It should be understood here that when I discuss intuition in this context I am talking about the kind of mathematical intuition I discussed in Adventures in Geometrical Intuition, although the idea of mathematical intuition can be understood as perhaps the narrowest formulation of that intuition that is the polar concept standing in opposition to formalism. Kant made a useful distinction between sensory intuition and intellectual intuition that helps to clarify what is intended here, since the very idea of intuition in the Kantian sense has become lost in recent thought. Once we think of intuition as something given to us in the same way that sensory intuition is given to us, only without the mediation of the senses, we come closer to the operative idea of intuition as it is employed in mathematics.

Mathematical thought, and formal accounts of experience generally speaking, of course, seek to capture our intuitions, but this formal capture of the intuitive is itself an intuitive and essentially creative process even when it culminates in the formulation of a formal system that is essentially inaccessible to intuition (at least in parts of that formal system). What this means is that intuition can know itself, and know itself to be an intuitive grasp of some truth, but formality can only know itself as formality and cannot cross over the intuitive-formal divide in order to grasp the intuitive even when it captures intuition in an intuitively satisfying way. We cannot even understand the idea of an intuitively satisfying formalization without an intuitive grasp of all the relevant elements. As Spinoza said that the true is the criterion both of itself and of the false, we can say that the intuitive is the criterion both of itself and the formal. (And given that, today, truth is primarily understood formally, this is a significant claim to make.)

The above observation can be formulated as a general principle such that the intuitive can grasp all of the intuitive and a portion of the formal, whereas the formal can grasp only itself. I will refer to this as the principle of the asymmetry of intuition. We can see this principle operative both in the Church-Turing Thesis and in popular accounts of Gödel’s theorem. We are all familiar with popular and intuitive accounts of Gödel’s theorem (since the formal accounts are so difficult), and it is not usual to make claims for the limitative theorems that go far beyond what they formally demonstrate.

All of this holds also for the attempt to translate traditional philosophical concepts into scientific terms — the most obvious example being free will, supposedly accounted for by physics, biochemistry, and neurobiology. But if one makes the claim that consciousness is nothing but such-and-such physical phenomenon, it is impossible to cash out this claim in any robust way. The science is quantifiable and formalizable, but our concepts of mind, consciousness, and free will remain stubbornly intuitive and have not been satisfyingly captured in any formalism — the determination of any such satisfying formalization could only be determined by intuition and therefore eludes any formal capture. To “prove” determinism, then, would be as incoherent as “proving” Church’s Thesis in any robust sense.

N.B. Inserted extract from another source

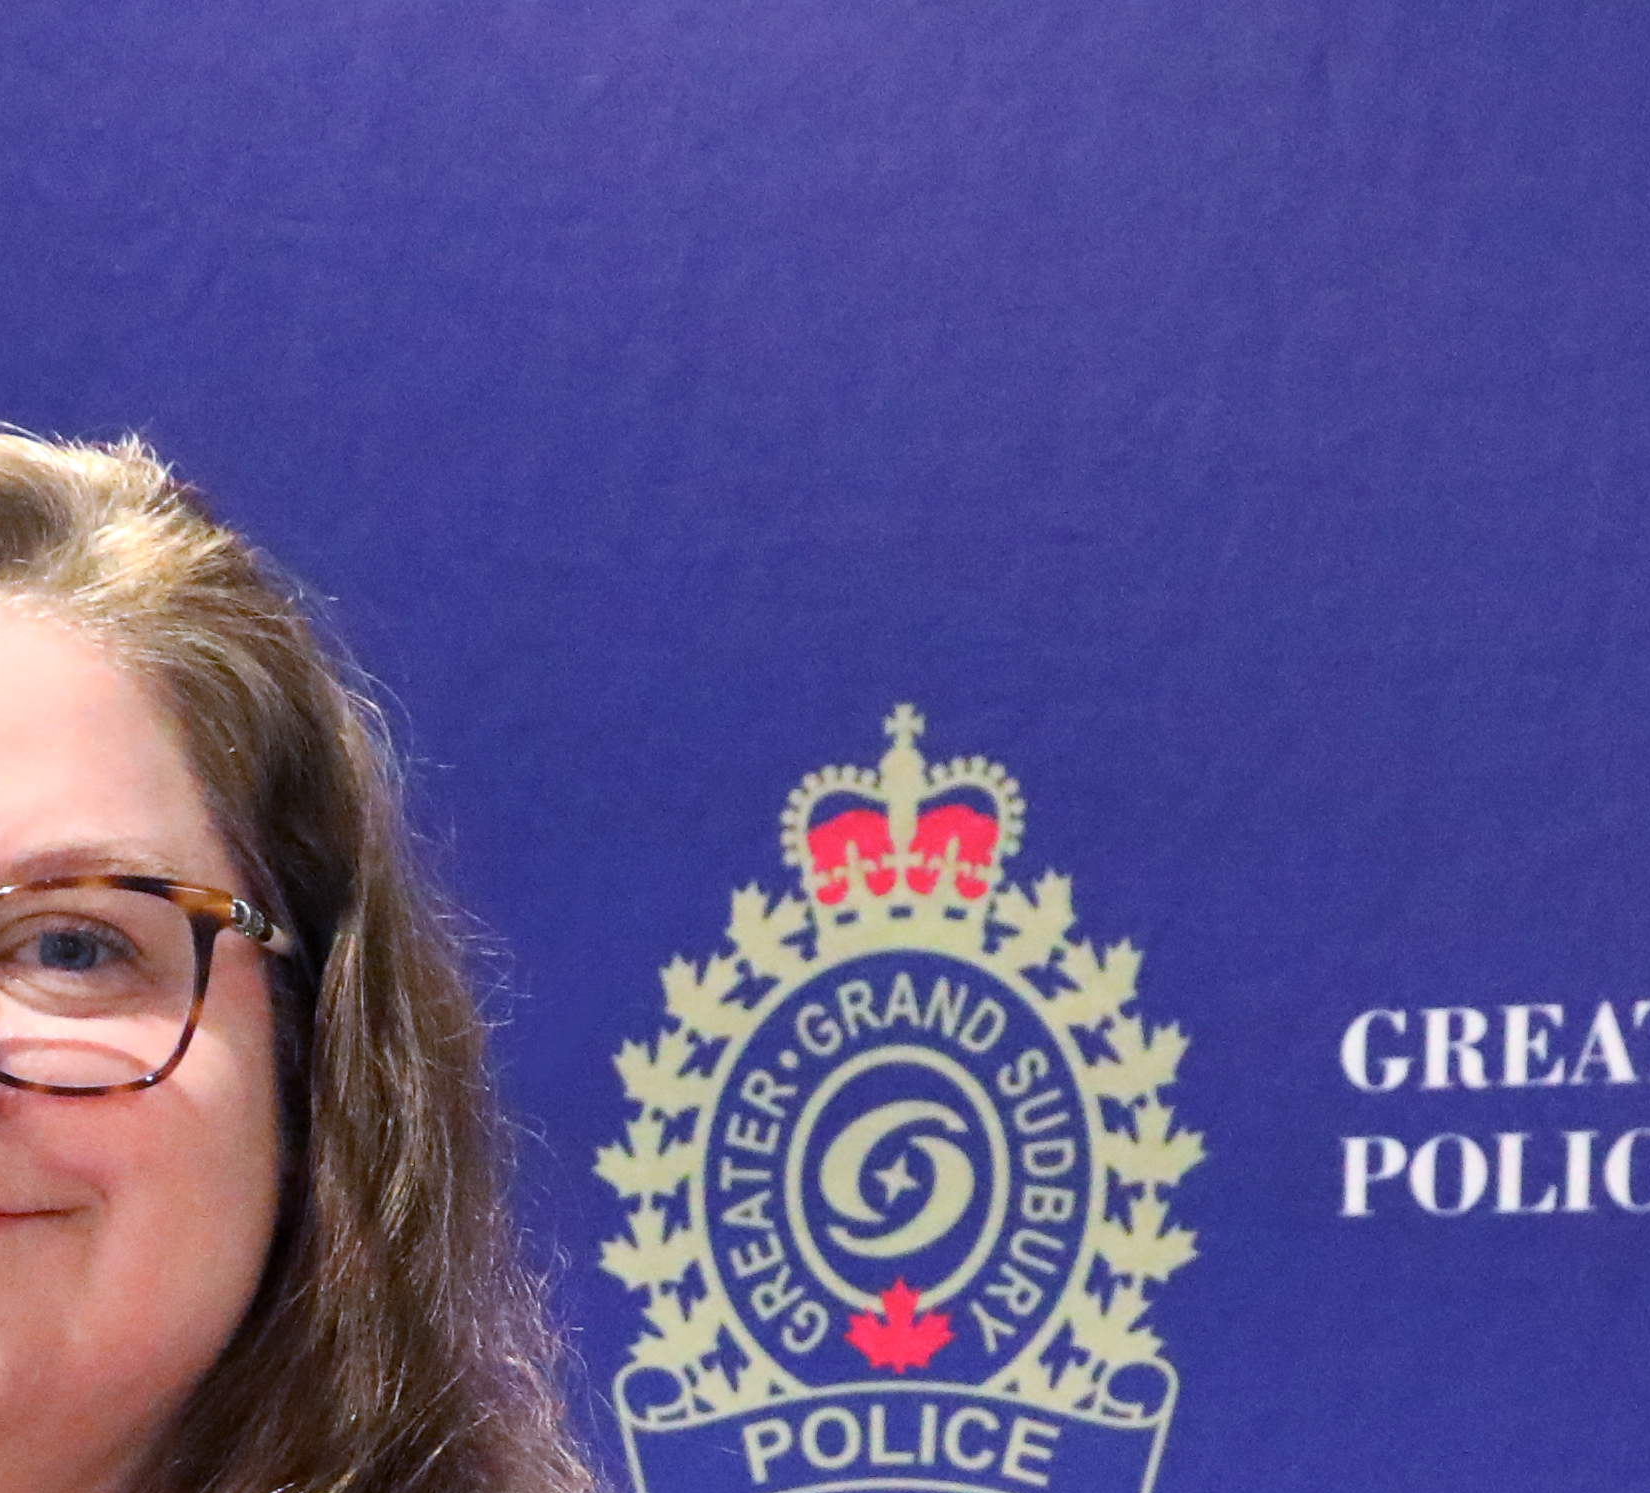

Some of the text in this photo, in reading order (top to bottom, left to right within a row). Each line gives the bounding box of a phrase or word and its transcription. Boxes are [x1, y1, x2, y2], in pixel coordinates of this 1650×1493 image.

[720, 972, 1074, 1353] GREATER GRAND SUDBURY
[741, 1404, 1061, 1486] POLICE

There certainly are interesting philosophical arguments on both sides of Church’s Thesis — that is to say, both its denial and its affirmation — but these are arguments that appeal to our intuitions and, most crucially, our idea of ourselves is intuitive and informal. I should like to go further and to assert that the idea of the self must be intuitive and cannot be otherwise, but I am not fully confident that this is the case. Human nature can change, albeit slowly, along with the human condition, and we could, over time — and especially under the selective pressures of industrial-technological civilization — shape ourselves after the model of a formal conception of the self. (In fact, I think it very likely that this is happening.)

I cannot even say — I would not know where to begin — what would constitute a formal self-understanding of the self, much less any kind of understanding of a formal self. Well, maybe not. I have written elsewhere that the doctrine of the punctiform present (not very popular among philosophers these days, I might add) is a formal doctrine of time, and in so far as we identify internal time consciousness with the punctiform present we have a formal doctrine of the self.

While the above account is one to which I am sympathetic, this kind of formal concept — I mean the punctiform present as a formal conception of time — is very different from the kind of formality we find in physics, biochemistry, and neuroscience. We might assimilate it to some mathematical formalism, but this is an abstraction made concrete in subjective human experience, not in physical science. Perhaps this partly explains the fashionable anti-philosophy that I have written about.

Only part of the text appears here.